● Exercise
The required output is the line containing "this 1203×1750 image." followed by each line through the end of the data below, repeated exactly and with nothing added.

● Data excerpts
________________
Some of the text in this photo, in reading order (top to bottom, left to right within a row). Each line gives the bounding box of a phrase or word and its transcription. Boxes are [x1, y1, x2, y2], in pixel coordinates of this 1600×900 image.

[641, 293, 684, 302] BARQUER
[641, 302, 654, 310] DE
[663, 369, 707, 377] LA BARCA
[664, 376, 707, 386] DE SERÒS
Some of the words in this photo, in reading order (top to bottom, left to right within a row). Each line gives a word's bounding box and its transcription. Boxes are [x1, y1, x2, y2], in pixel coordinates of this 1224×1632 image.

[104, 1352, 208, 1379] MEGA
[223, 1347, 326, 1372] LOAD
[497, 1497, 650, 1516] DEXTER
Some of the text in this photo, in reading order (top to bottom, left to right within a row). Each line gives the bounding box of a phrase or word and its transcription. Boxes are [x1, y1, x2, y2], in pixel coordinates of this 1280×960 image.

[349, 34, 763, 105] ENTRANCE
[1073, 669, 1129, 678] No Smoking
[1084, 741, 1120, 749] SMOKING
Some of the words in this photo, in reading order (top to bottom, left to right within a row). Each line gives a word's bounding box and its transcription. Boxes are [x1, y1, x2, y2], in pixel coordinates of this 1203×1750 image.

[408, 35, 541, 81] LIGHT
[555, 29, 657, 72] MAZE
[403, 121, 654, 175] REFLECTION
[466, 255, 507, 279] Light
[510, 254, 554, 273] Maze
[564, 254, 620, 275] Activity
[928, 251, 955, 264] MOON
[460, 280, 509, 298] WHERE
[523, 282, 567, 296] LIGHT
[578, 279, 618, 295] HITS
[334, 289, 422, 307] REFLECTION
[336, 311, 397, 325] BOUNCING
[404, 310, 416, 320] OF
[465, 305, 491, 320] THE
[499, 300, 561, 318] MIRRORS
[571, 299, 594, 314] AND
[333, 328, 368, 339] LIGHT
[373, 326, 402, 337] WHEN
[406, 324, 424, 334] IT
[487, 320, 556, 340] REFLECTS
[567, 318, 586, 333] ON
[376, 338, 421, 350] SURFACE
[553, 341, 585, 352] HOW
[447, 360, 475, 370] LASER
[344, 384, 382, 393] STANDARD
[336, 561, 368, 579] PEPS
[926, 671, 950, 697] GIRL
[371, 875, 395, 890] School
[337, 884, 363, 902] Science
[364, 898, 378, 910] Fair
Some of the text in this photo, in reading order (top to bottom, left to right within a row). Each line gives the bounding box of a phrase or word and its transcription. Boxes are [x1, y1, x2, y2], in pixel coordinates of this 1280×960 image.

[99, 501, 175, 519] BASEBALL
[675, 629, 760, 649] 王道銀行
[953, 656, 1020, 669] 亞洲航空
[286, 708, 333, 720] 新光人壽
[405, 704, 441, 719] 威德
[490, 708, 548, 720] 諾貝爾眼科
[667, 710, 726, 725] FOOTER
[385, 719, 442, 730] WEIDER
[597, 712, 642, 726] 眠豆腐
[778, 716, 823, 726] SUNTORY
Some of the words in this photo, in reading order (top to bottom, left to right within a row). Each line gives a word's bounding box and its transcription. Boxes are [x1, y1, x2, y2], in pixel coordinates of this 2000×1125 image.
________________
● Written solution
Some of the words in this photo, in reading order (top to bottom, left to right within a row). Each line gives a word's bounding box and its transcription. Boxes are [x1, y1, x2, y2], in pixel coordinates of this 1203×1750 image.

[408, 35, 541, 81] LIGHT
[555, 29, 657, 72] MAZE
[403, 121, 654, 175] REFLECTION
[466, 255, 507, 279] Light
[510, 254, 554, 273] Maze
[564, 254, 620, 275] Activity
[928, 251, 955, 264] MOON
[460, 280, 509, 298] WHERE
[523, 282, 567, 296] LIGHT
[578, 279, 618, 295] HITS
[334, 289, 422, 307] REFLECTION
[336, 311, 397, 325] BOUNCING
[404, 310, 416, 320] OF
[465, 305, 491, 320] THE
[499, 300, 561, 318] MIRRORS
[571, 299, 594, 314] AND
[333, 328, 368, 339] LIGHT
[373, 326, 402, 337] WHEN
[406, 324, 424, 334] IT
[487, 320, 556, 340] REFLECTS
[567, 318, 586, 333] ON
[376, 338, 421, 350] SURFACE
[553, 341, 585, 352] HOW
[447, 360, 475, 370] LASER
[344, 384, 382, 393] STANDARD
[336, 561, 368, 579] PEPS
[926, 671, 950, 697] GIRL
[371, 875, 395, 890] School
[337, 884, 363, 902] Science
[364, 898, 378, 910] Fair
Some of the text in this photo, in reading order (top to bottom, left to right within a row). Each line gives the bounding box of a phrase or word and its transcription. Boxes are [x1, y1, x2, y2], in pixel coordinates of this 1280×960 image.

[99, 501, 175, 519] BASEBALL
[675, 629, 760, 649] 王道銀行
[953, 656, 1020, 669] 亞洲航空
[286, 708, 333, 720] 新光人壽
[405, 704, 441, 719] 威德
[490, 708, 548, 720] 諾貝爾眼科
[667, 710, 726, 725] FOOTER
[385, 719, 442, 730] WEIDER
[597, 712, 642, 726] 眠豆腐
[778, 716, 823, 726] SUNTORY
Some of the words in this photo, in reading order (top to bottom, left to right within a row). Each line gives a word's bounding box and its transcription. Boxes are [x1, y1, x2, y2], in pixel coordinates of this 2000×1125 image.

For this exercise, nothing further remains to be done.